ASSIGNMENT
Reproduce all of the records exactly.
►
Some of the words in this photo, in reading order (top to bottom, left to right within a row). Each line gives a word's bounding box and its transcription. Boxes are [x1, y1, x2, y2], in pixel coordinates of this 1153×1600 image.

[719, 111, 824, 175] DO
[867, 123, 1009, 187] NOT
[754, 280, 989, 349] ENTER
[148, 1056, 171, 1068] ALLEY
◄
COMPLETED EXERCISE
Some of the words in this photo, in reading order (top to bottom, left to right within a row). Each line gives a word's bounding box and its transcription. Boxes are [x1, y1, x2, y2], in pixel coordinates of this 1153×1600 image.

[719, 111, 824, 175] DO
[867, 123, 1009, 187] NOT
[754, 280, 989, 349] ENTER
[148, 1056, 171, 1068] ALLEY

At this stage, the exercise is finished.